Despite fewer sales, it’s a seller’s market in parts of the U.S.

by Liz Hughes

It’s a hot seller’s market in much of the country, despite few sales, as homebuyer demand is outpacing supply nationally.

Even though sales are down by double digits, limited new listings are making it feel like a seller’s market in parts of the country, according to a new Redfin report

The report found even though elevated mortgage rates continue to dampen demand, low inventory has homes selling fast in parts of the country.

New listings continue to be in short supply. 

During the four weeks ended April 2, new listings fell 21.8% from last year — one of the biggest drops since the start of the pandemic, marking an “unseasonal early-spring decline in the total number of homes for sale,” according to the report. 

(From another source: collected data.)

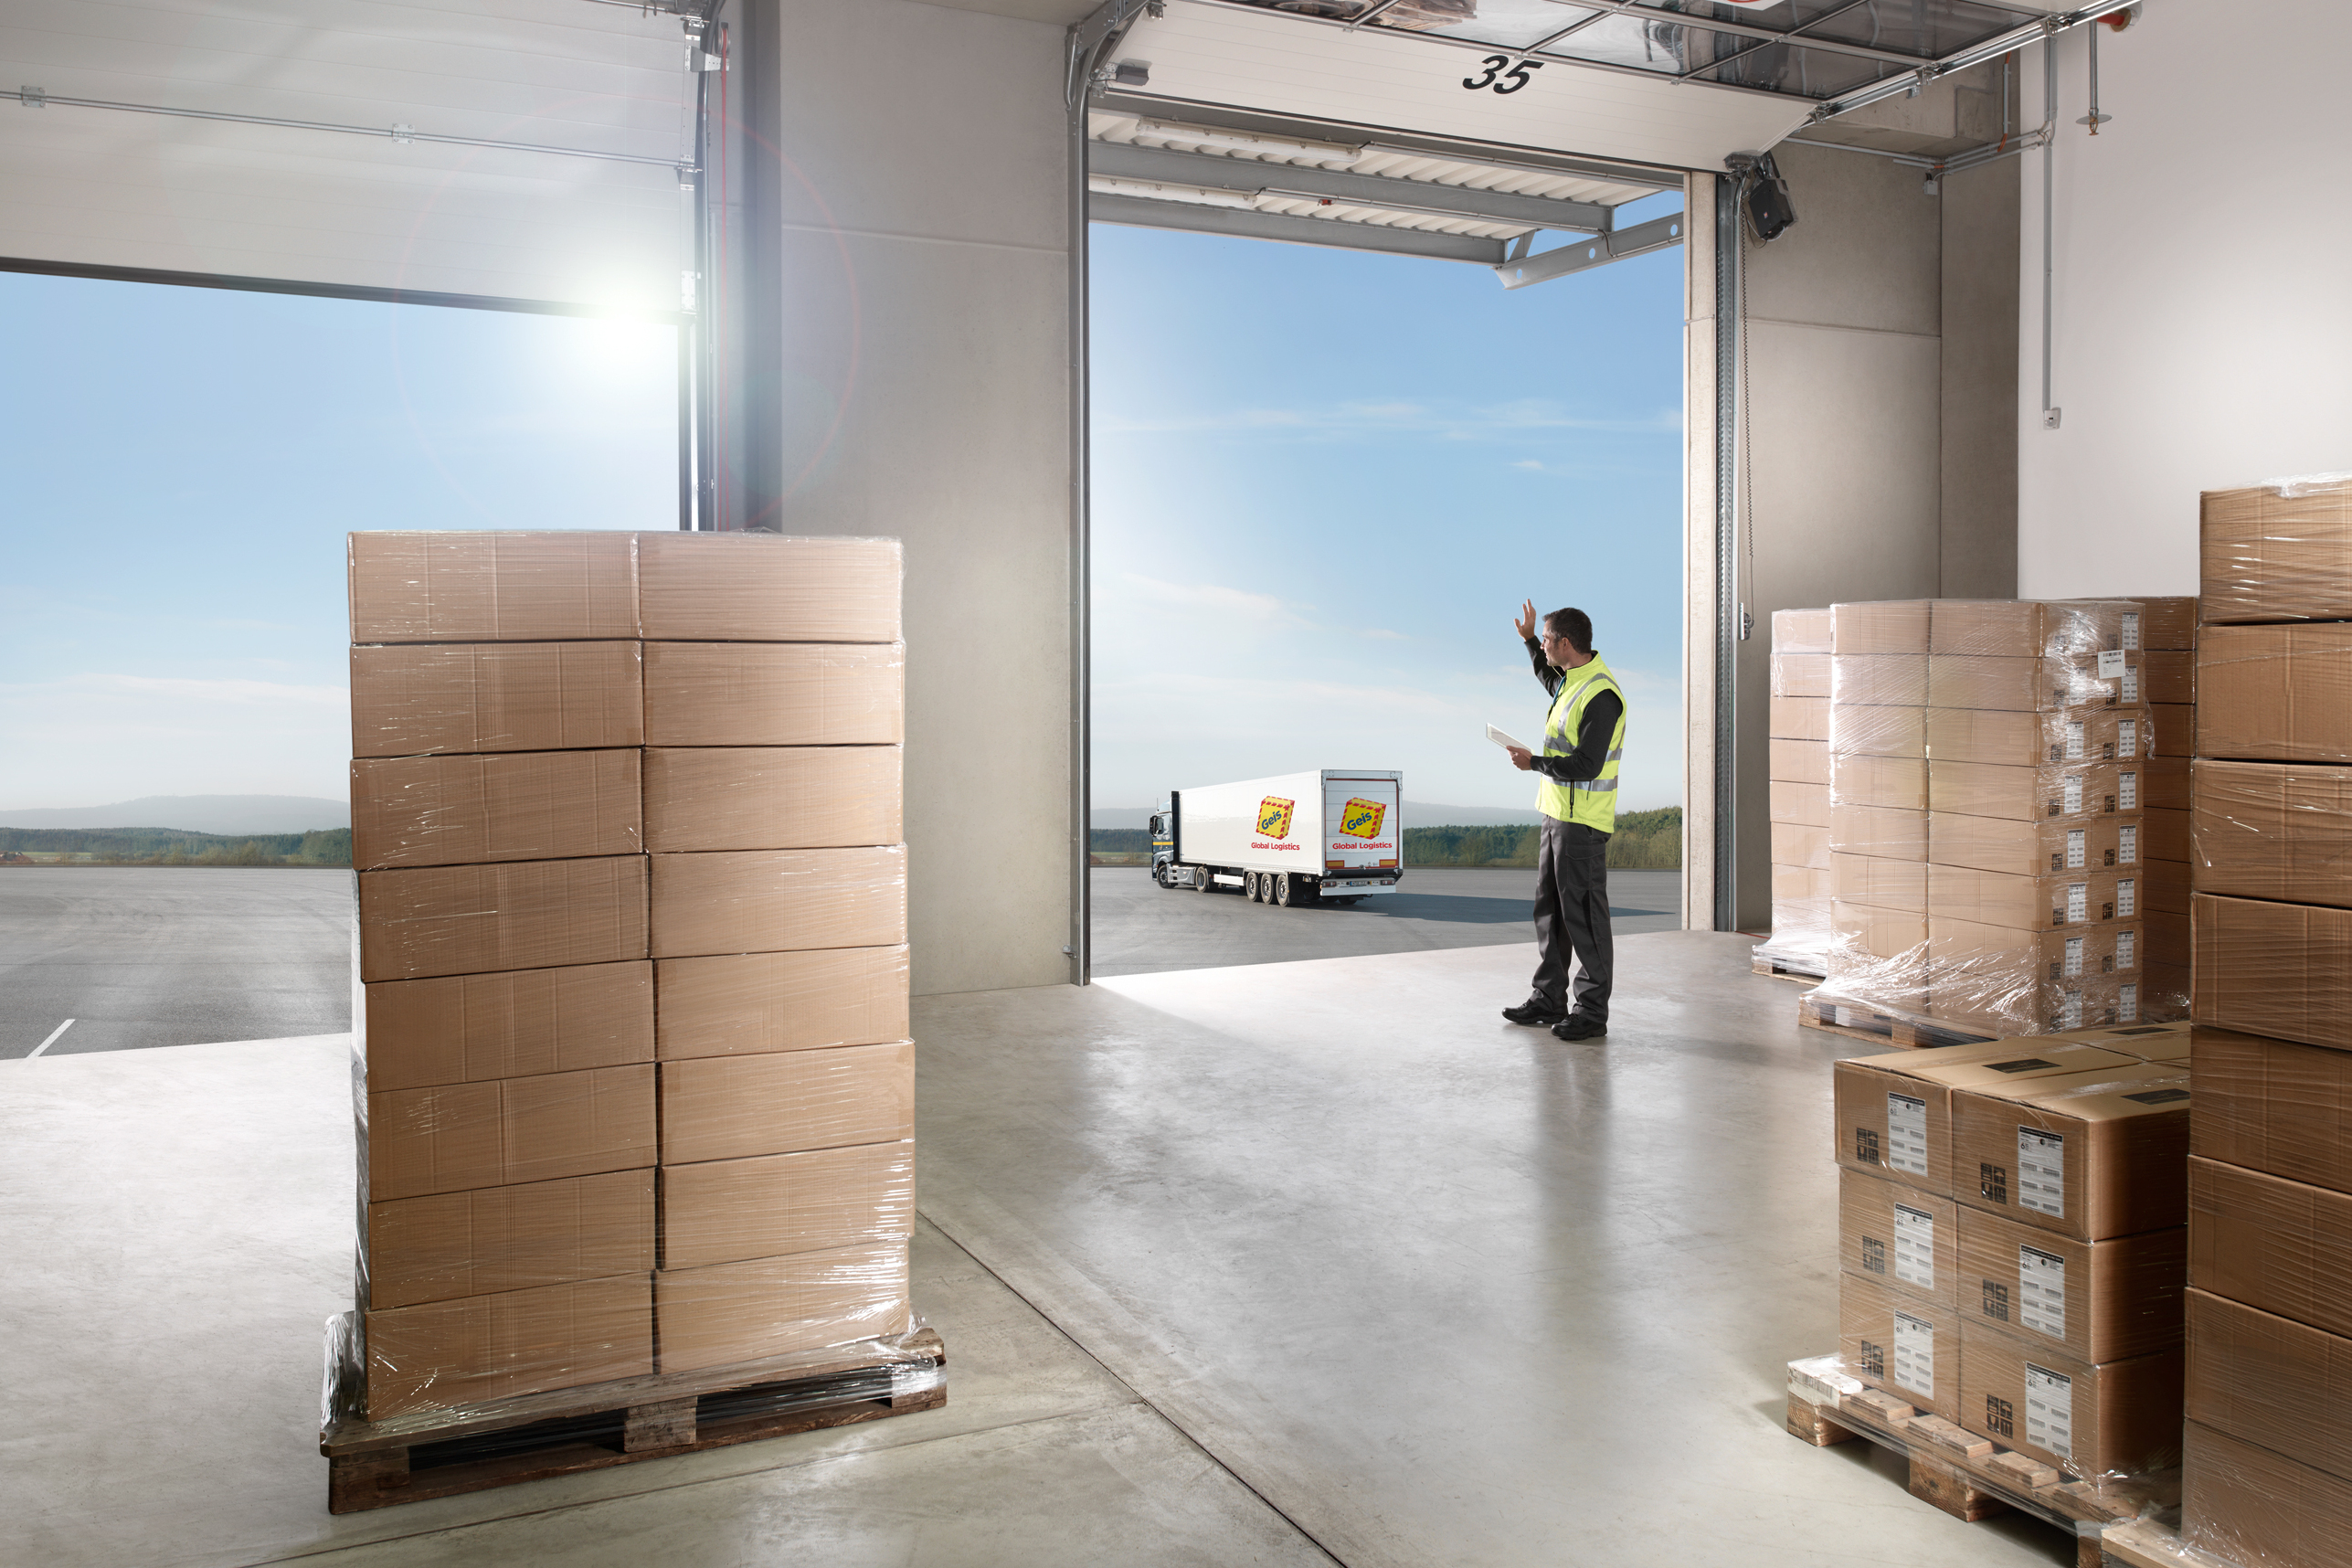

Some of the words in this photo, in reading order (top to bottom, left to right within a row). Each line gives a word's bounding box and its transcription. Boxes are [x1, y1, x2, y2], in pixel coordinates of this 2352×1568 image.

[1462, 54, 1545, 95] 35
[1261, 810, 1283, 831] Geis
[1346, 811, 1372, 831] Geis
[1251, 842, 1269, 850] Global
[1270, 842, 1300, 851] Logistics
[1359, 842, 1393, 850] Logistics
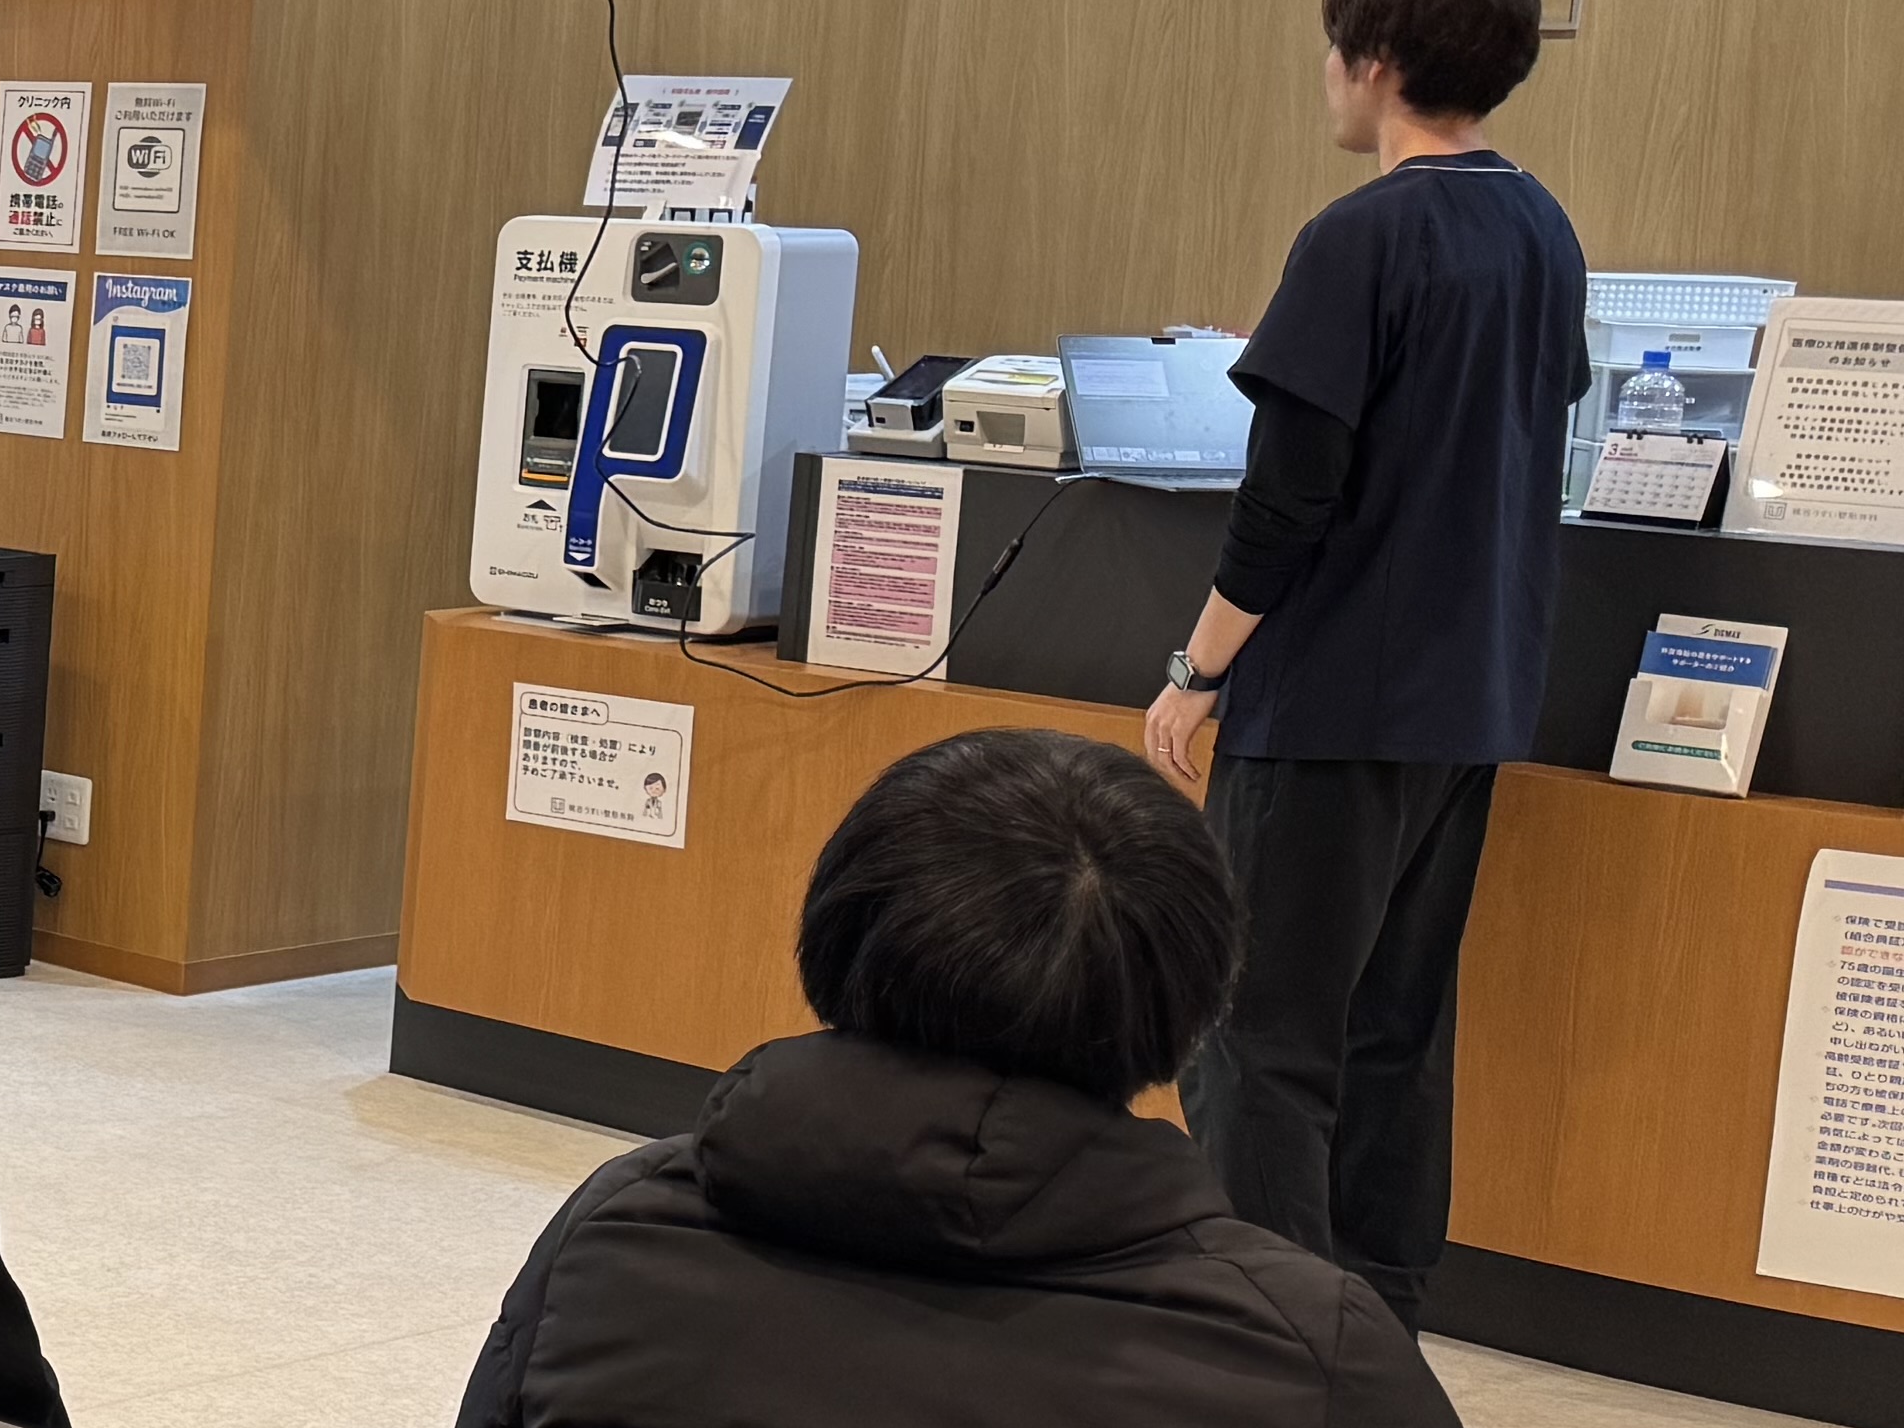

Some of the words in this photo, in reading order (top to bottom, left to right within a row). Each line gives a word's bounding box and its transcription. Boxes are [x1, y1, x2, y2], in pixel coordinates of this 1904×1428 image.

[18, 95, 72, 110] クリニック内
[9, 193, 64, 210] 携帯電話の
[113, 226, 134, 237] FREE
[162, 228, 176, 239] OK
[515, 249, 578, 274] 支払機
[514, 274, 544, 283] Payment
[106, 278, 177, 306] Instagram
[1828, 355, 1891, 368] のお知らせ
[1608, 443, 1619, 456] 3
[528, 698, 601, 717] 患者の皆さまへ
[1837, 976, 1904, 993] の認定を受
[1832, 1022, 1904, 1039] ど)、あるい
[1825, 1051, 1904, 1070] 高齢受給者証
[1826, 1067, 1904, 1085] 証、ひとり親
[1826, 1082, 1904, 1101] ちの方も被保
[1821, 1112, 1904, 1132] 必要です。次回
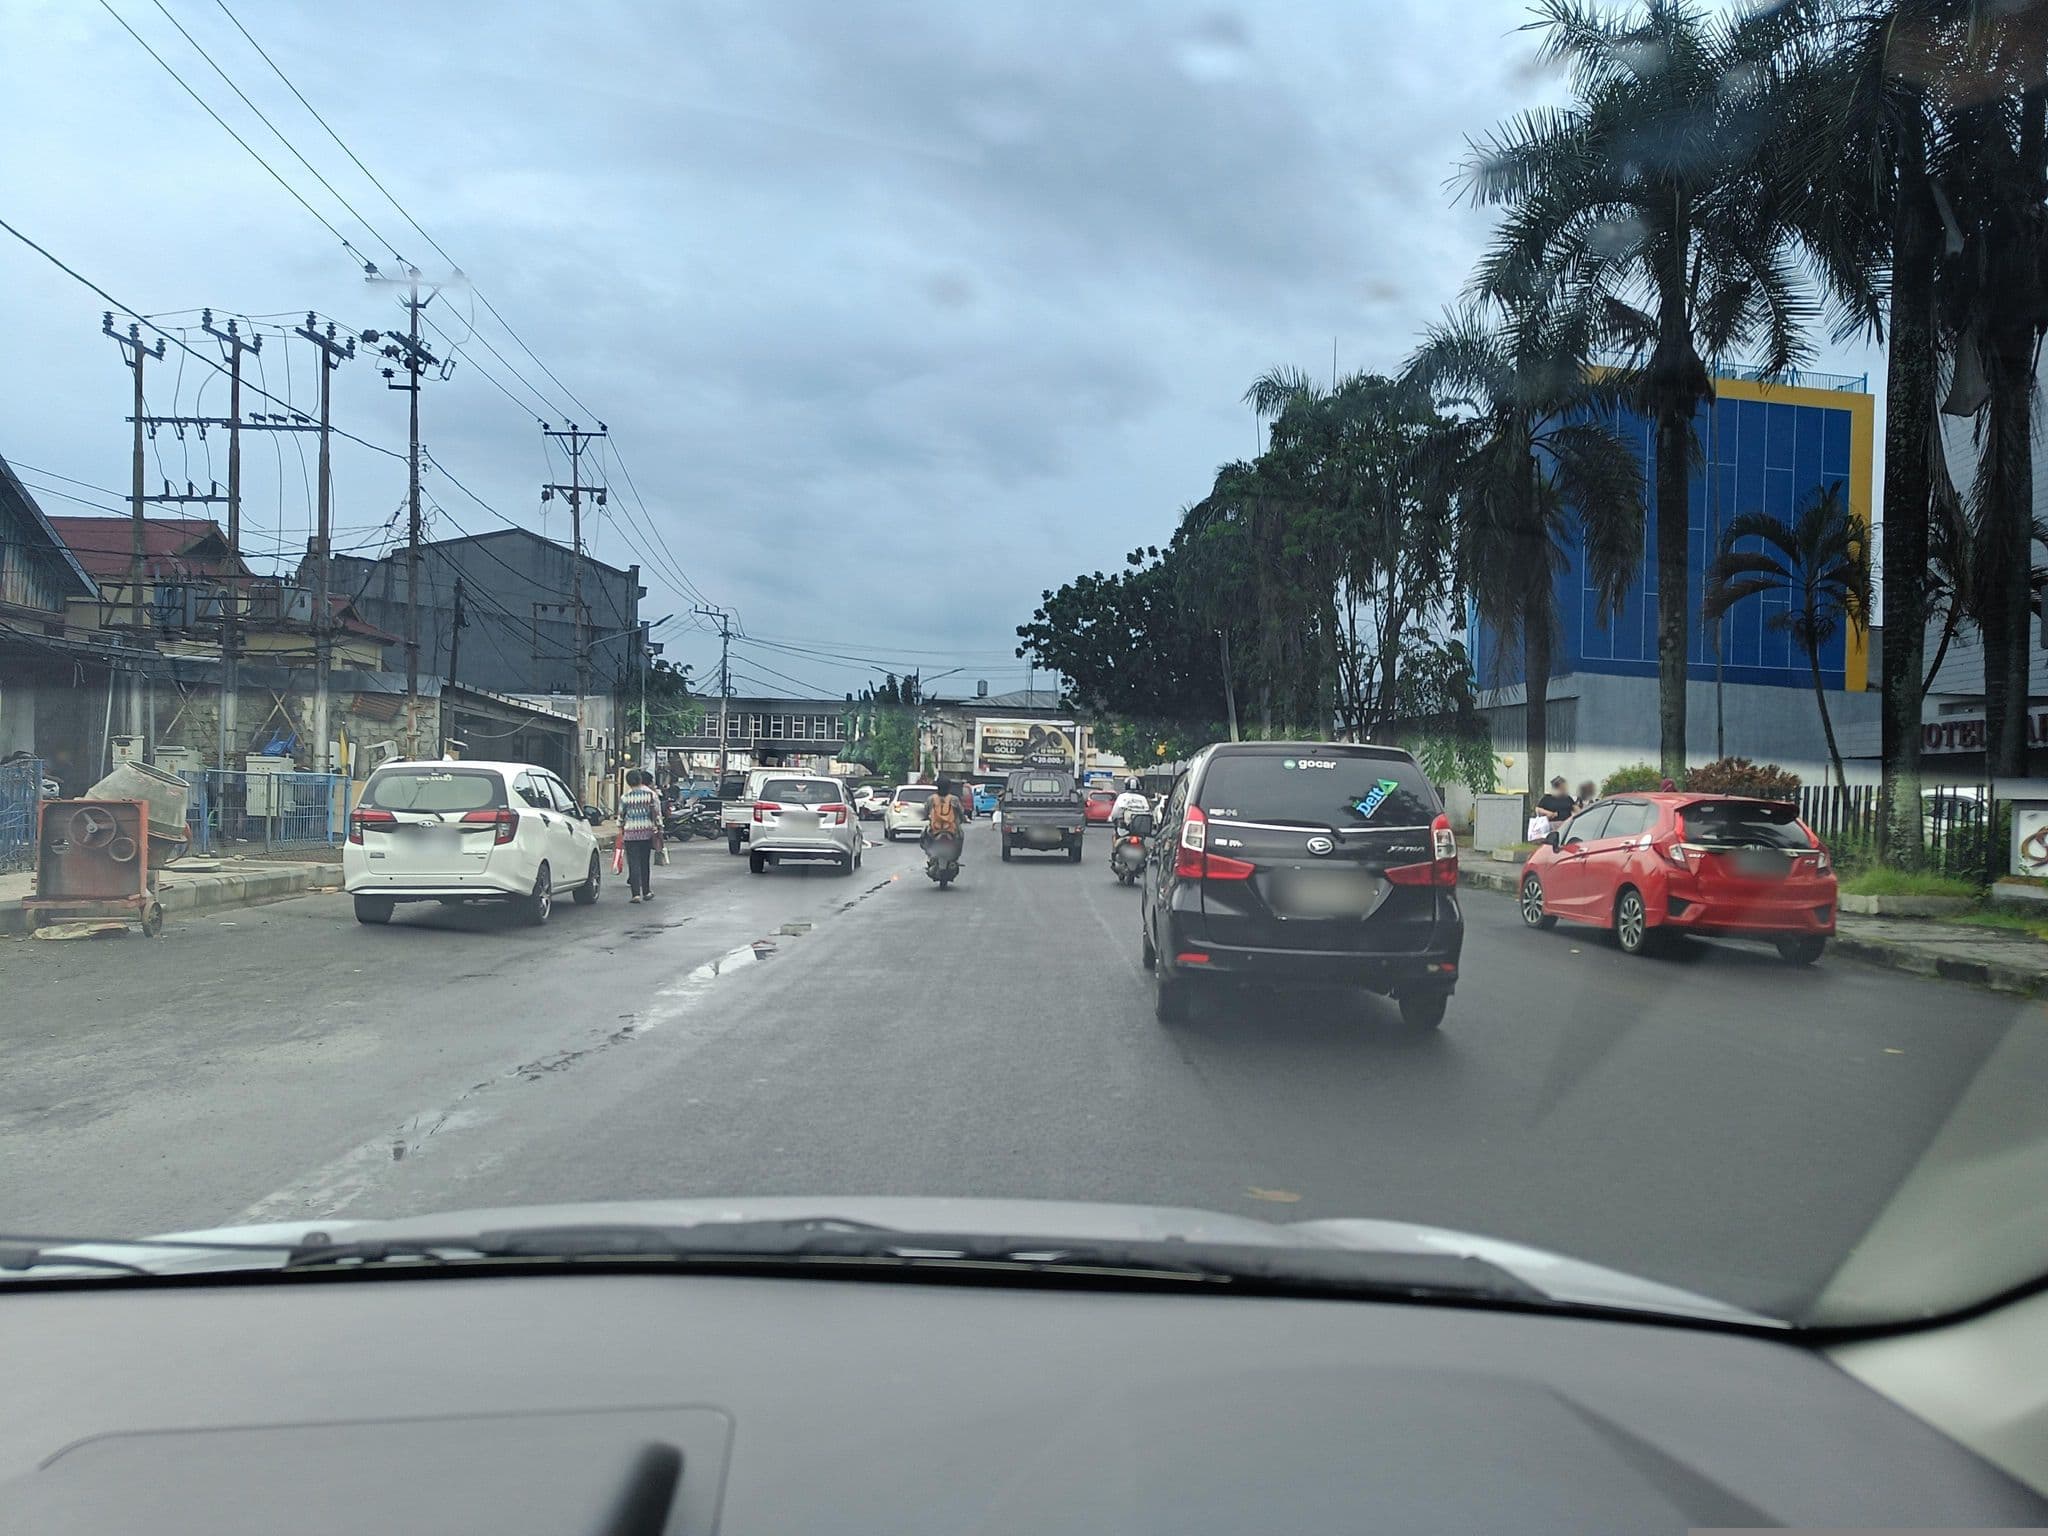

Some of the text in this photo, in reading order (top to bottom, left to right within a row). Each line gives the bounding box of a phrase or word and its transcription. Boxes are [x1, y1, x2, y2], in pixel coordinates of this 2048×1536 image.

And with many homeowners choosing to stay put because they don’t want to give up their low mortgage rate, buyers are acting fast on homes as they hit the market. That quick action has nearly half of all homes on the market going under contract within two weeks, up about 25% from January. 

“It would take 2.8 months for today’s supply of for-sale homes to sell at homebuyers’ current consumption rate, the shortest time since September,” the report said.

Despite quickened sales, pending home sales are still down, falling 19% year over year. 

Redfin deputy chief economist Taylor Marr says elevated mortgage rates are perhaps an even bigger deterrent for would-be sellers than for would-be buyers.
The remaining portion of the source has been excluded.